Life Is Not Fair
The value of fairness has a lot to answer for.
More than a value, in fact.
The psychologist Jonathan Haidt identifies fairness as one of the six moral foundations that all humans have, across cultures, political differences and more. How that fairness shows up and how important it is for each of us can differ, but its presence can spike things in us.

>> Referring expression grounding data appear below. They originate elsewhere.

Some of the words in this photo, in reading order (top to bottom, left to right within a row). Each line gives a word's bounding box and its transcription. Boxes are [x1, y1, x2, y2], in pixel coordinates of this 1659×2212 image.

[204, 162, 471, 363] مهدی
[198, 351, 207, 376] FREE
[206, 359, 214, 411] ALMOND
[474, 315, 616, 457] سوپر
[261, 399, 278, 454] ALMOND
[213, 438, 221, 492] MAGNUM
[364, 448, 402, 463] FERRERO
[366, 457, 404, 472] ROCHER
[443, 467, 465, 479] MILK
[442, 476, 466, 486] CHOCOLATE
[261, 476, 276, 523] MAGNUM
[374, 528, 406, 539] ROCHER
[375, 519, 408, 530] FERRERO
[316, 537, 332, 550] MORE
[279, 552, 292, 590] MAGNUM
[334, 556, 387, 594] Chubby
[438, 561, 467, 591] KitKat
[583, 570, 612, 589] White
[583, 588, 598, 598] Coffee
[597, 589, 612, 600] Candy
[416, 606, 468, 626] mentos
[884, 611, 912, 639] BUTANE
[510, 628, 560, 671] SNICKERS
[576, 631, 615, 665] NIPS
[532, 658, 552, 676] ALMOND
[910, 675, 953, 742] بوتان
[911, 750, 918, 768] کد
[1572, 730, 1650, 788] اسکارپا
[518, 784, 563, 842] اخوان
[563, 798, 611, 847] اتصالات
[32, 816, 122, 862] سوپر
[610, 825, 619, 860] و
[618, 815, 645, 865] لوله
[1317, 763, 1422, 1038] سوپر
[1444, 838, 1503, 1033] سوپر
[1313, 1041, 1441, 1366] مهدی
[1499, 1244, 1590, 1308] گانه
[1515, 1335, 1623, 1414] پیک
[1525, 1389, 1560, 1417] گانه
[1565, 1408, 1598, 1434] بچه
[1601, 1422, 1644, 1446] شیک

Of course it can. According to Haidt's work, it seems to be one of the six most important areas of morality for each and every human. And partly, it is genetically coded. Like many aspects of our psychology, the moral foundations might be described not as hardwired, but as pre-wired. There is some initial genetic predisposition, then affected and moulded by the many years of our life experience.
And at the foundation of that pre-wiring, is - among other things - fairness.
Few things pull me out of my normal centred self like perceived injustice against me.
My sister once observed that few things frightened her more than being incorrectly found guilty of a crime.
The fury of the Twitter activist, railing against what they see as injustice with ever increasing fury and vitriol, is a sight to behold.
The quest for equality - itself a form of fairness - is among the biggest political conversations of the last century and more.
And yet, as my dad would often say, with his mother's voice in his ears, life is not fair.
She knew that better than most. The romantic and snappy story of meeting her husband (my grandfather) at a dance in East Yorkshire melded into the tragedy and trauma of his life-threatening accident, paralysis and eventual death, leaving her and two young sons behind.
Life is not fair.
And yet it should be.
That's what our moral foundations teach us. Evolved to be pre-wired that way, presumably, to give humans the competitive advantage of cooperation.
It took me a long time to see that fairness comes in different flavours. Equality is one (and even that can have many applications and interpretations). Proportionality is another: do we get what our contribution deserves?
I only have to slow down in the middle of an email exchange with a supplier to see my sense of injustice triggered. In fact, I didn't need to slow down, I could feel it in my chest.
For those of you who haven't read Haidt's work (or indeed Daniel Kahneman, or many other behavioural psychologists), what happens after our intuitions are triggered is that our rational brain explains them.
But deep down, what we are looking for is something intuitive. Intuitions, as Haidt says, come first.
Can we step beyond the pull of the intuitive response? Absolutely.
Is it easy? Absolutely not.
So often the trigger of one of the intuitive parts of us (in Haidt's work, the moral foundations relate to Care/Harm, Loyalty/Betrayal, Sanctity/Degradation, Fairness/Cheating, Authority/Subversion and Liberty/Oppression) leads us into conflict with others, leaving us trapped in 'I was right and you were wrong'.
The slowing of this and then the stepping above it, into a higher part of ourselves, is a skill that can be practiced, however. We can choose.
We can see that deep down, we are mostly looking for approval, control or security; that one of those things (or more) may feel threatened. But that in reality, we have what we need.
And staying cool in the face of the conflict is more likely to make more of life fair than to be pulled into the heat of the moral foundation and its intuitive response.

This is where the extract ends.